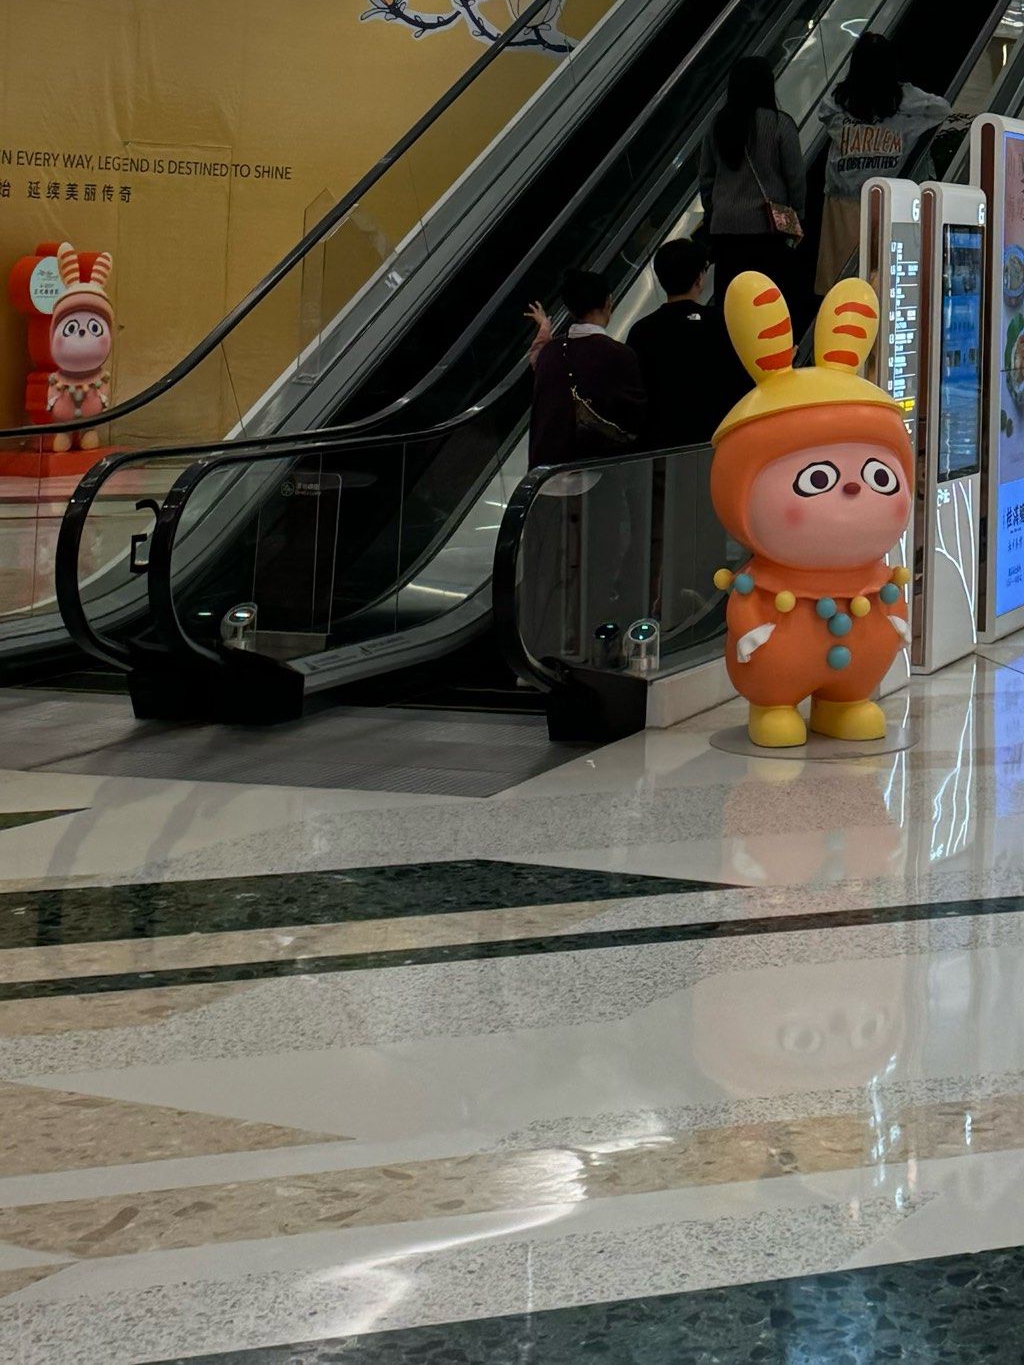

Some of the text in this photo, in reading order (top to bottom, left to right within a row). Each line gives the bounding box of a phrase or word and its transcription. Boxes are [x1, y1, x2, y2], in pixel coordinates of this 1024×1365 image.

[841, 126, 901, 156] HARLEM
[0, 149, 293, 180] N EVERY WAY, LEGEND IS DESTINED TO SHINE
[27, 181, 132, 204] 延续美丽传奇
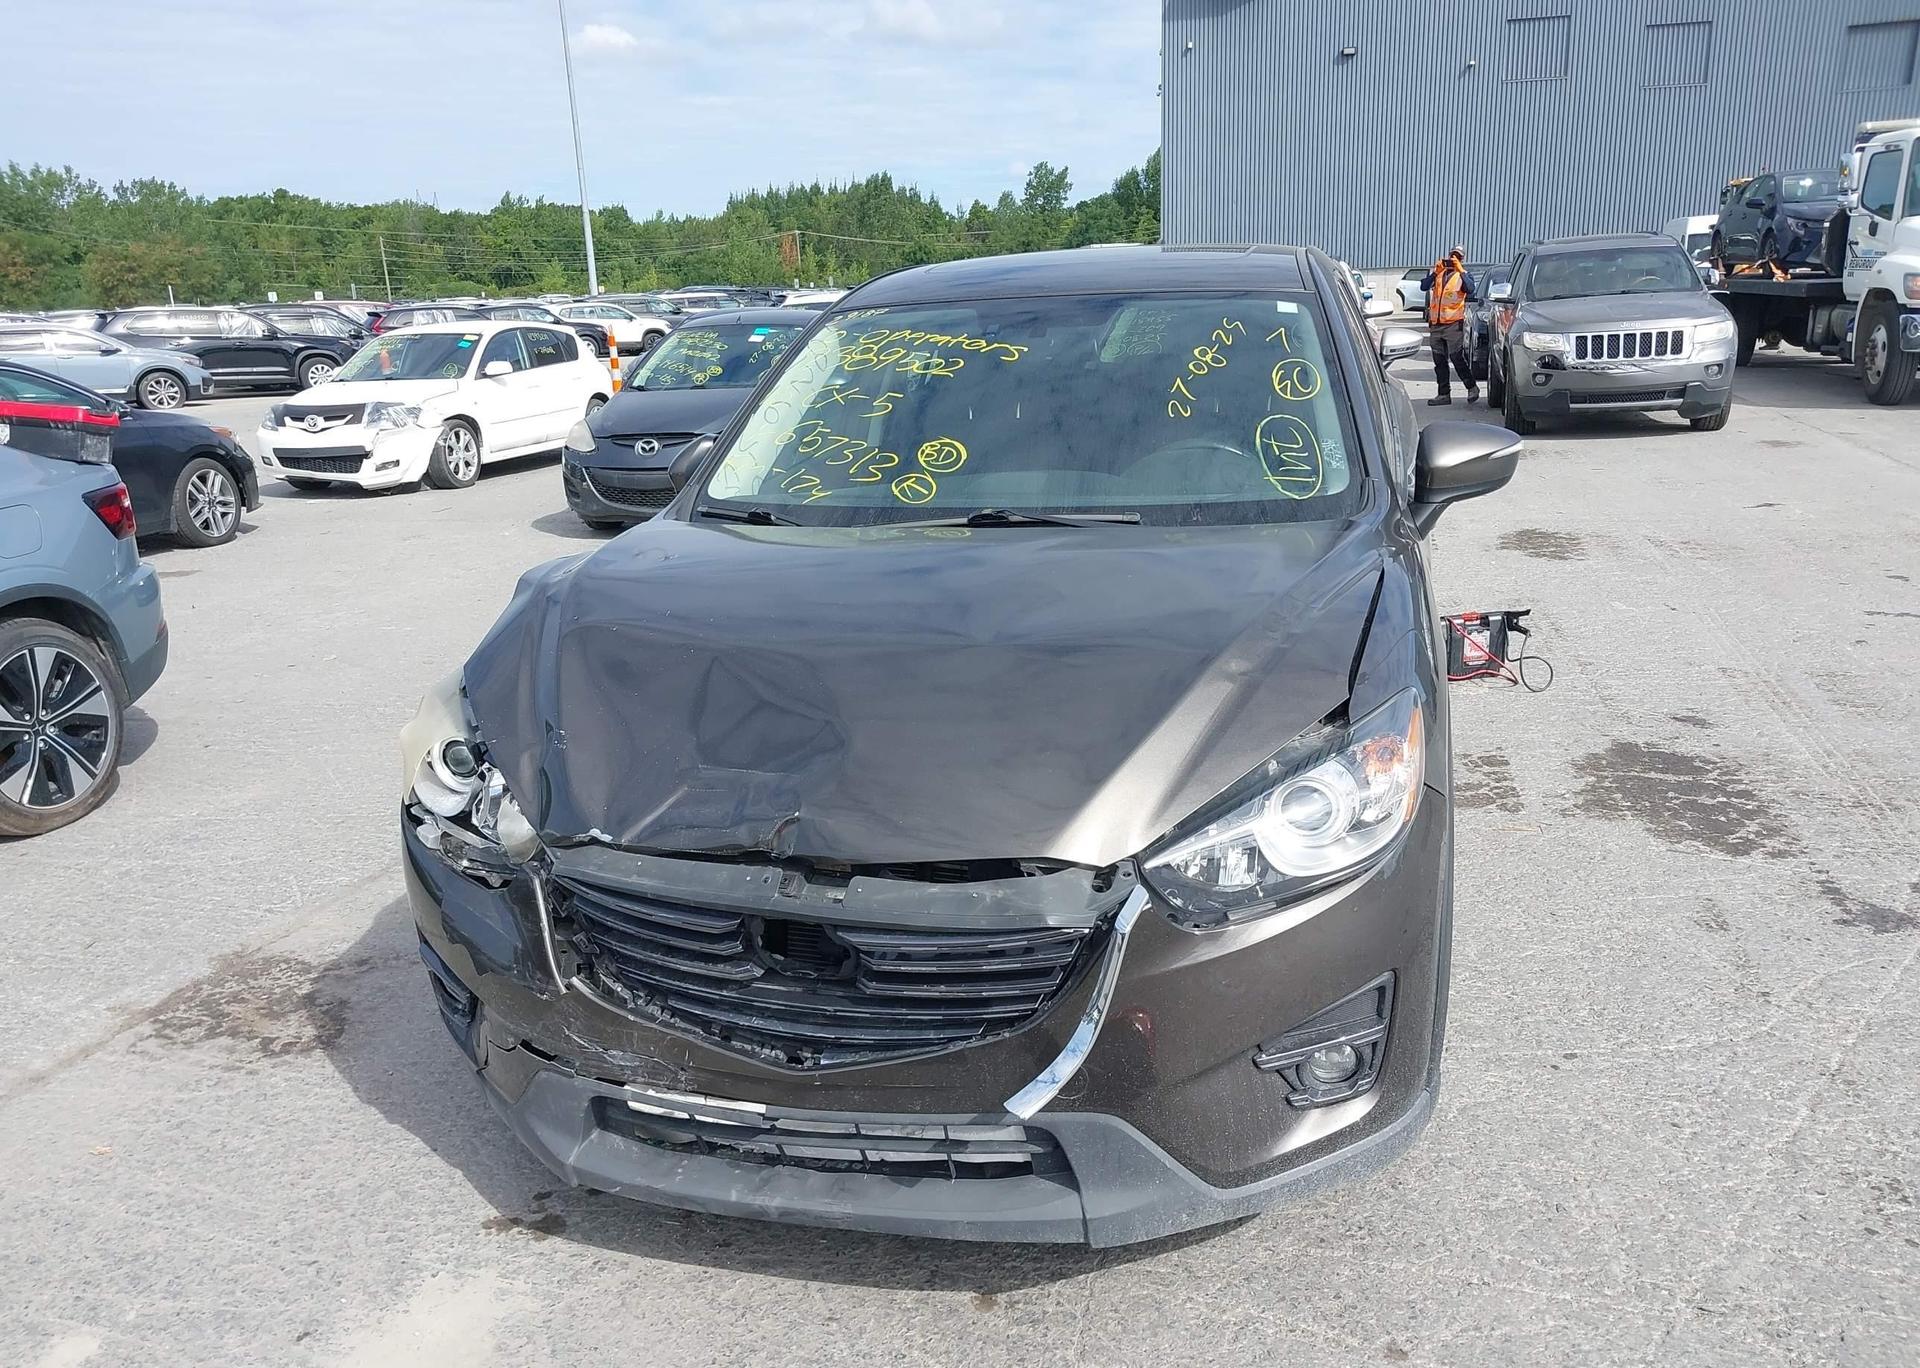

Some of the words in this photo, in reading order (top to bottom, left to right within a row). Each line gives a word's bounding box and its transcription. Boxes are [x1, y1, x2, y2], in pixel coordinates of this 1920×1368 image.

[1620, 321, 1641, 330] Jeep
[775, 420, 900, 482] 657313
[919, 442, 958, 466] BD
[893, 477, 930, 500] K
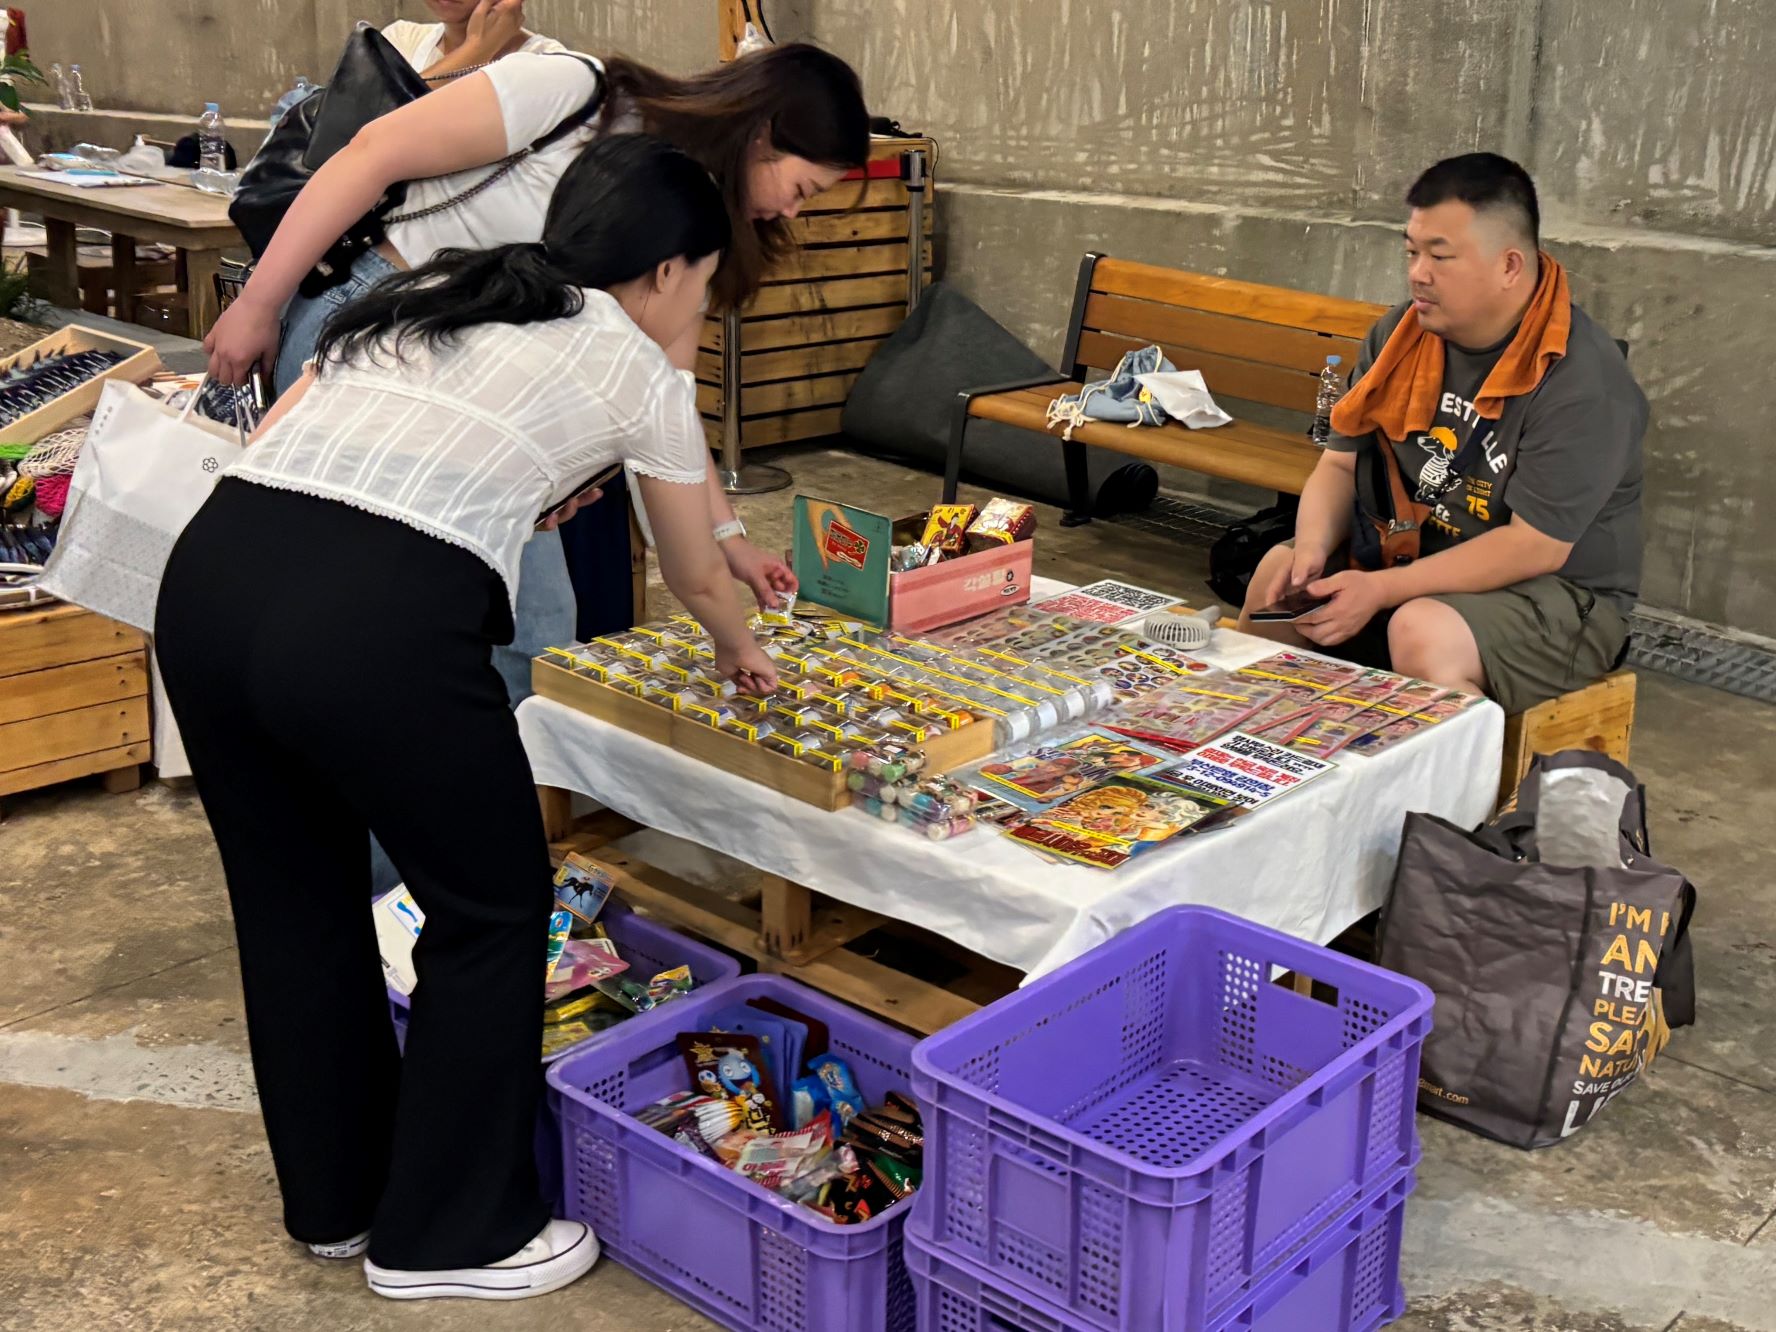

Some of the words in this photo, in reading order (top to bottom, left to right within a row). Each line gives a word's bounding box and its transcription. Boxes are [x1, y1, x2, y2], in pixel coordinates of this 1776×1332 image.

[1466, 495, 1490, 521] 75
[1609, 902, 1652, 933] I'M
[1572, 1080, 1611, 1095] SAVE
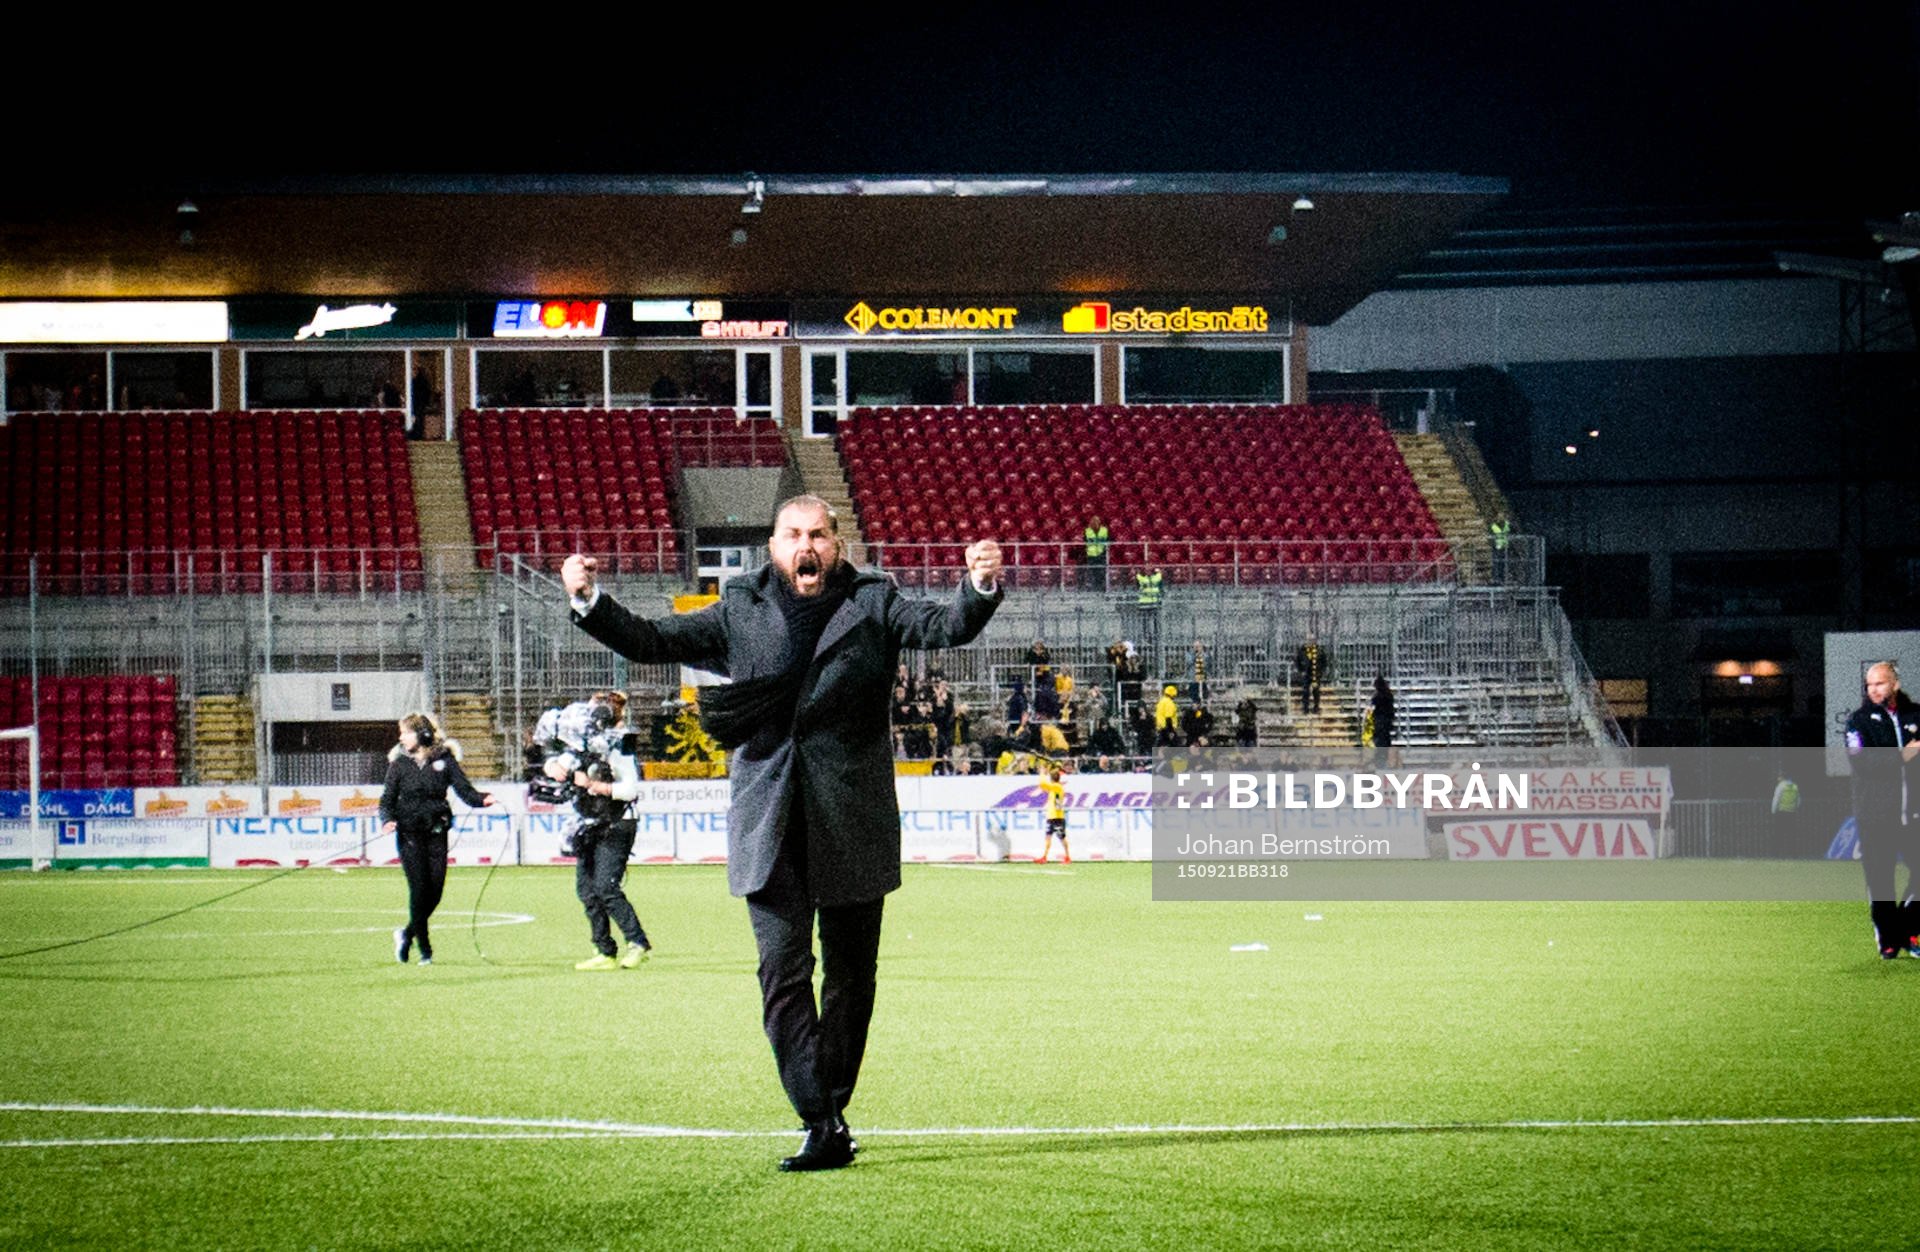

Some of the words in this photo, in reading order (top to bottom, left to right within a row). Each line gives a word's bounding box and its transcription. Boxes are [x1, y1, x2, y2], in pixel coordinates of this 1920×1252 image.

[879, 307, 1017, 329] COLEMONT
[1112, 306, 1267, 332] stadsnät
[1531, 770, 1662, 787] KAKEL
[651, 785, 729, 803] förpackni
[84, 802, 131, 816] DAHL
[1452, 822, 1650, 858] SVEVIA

•••••

» ASSIGNMENT
Leaving out all pictures, print exactly the lines above from the one containing "this 1776×1332 image." through the last line of the entries.

» EXPECTED ANSWER
Some of the words in this photo, in reading order (top to bottom, left to right within a row). Each line gives a word's bounding box and its transcription. Boxes are [x1, y1, x2, y2], in pixel coordinates of this 1776×1332 image.

[1466, 495, 1490, 521] 75
[1609, 902, 1652, 933] I'M
[1572, 1080, 1611, 1095] SAVE

Some of the words in this photo, in reading order (top to bottom, left to right within a row). Each line gives a word's bounding box and its transcription. Boxes are [x1, y1, x2, y2], in pixel coordinates of this 1920×1252 image.

[879, 307, 1017, 329] COLEMONT
[1112, 306, 1267, 332] stadsnät
[1531, 770, 1662, 787] KAKEL
[651, 785, 729, 803] förpackni
[84, 802, 131, 816] DAHL
[1452, 822, 1650, 858] SVEVIA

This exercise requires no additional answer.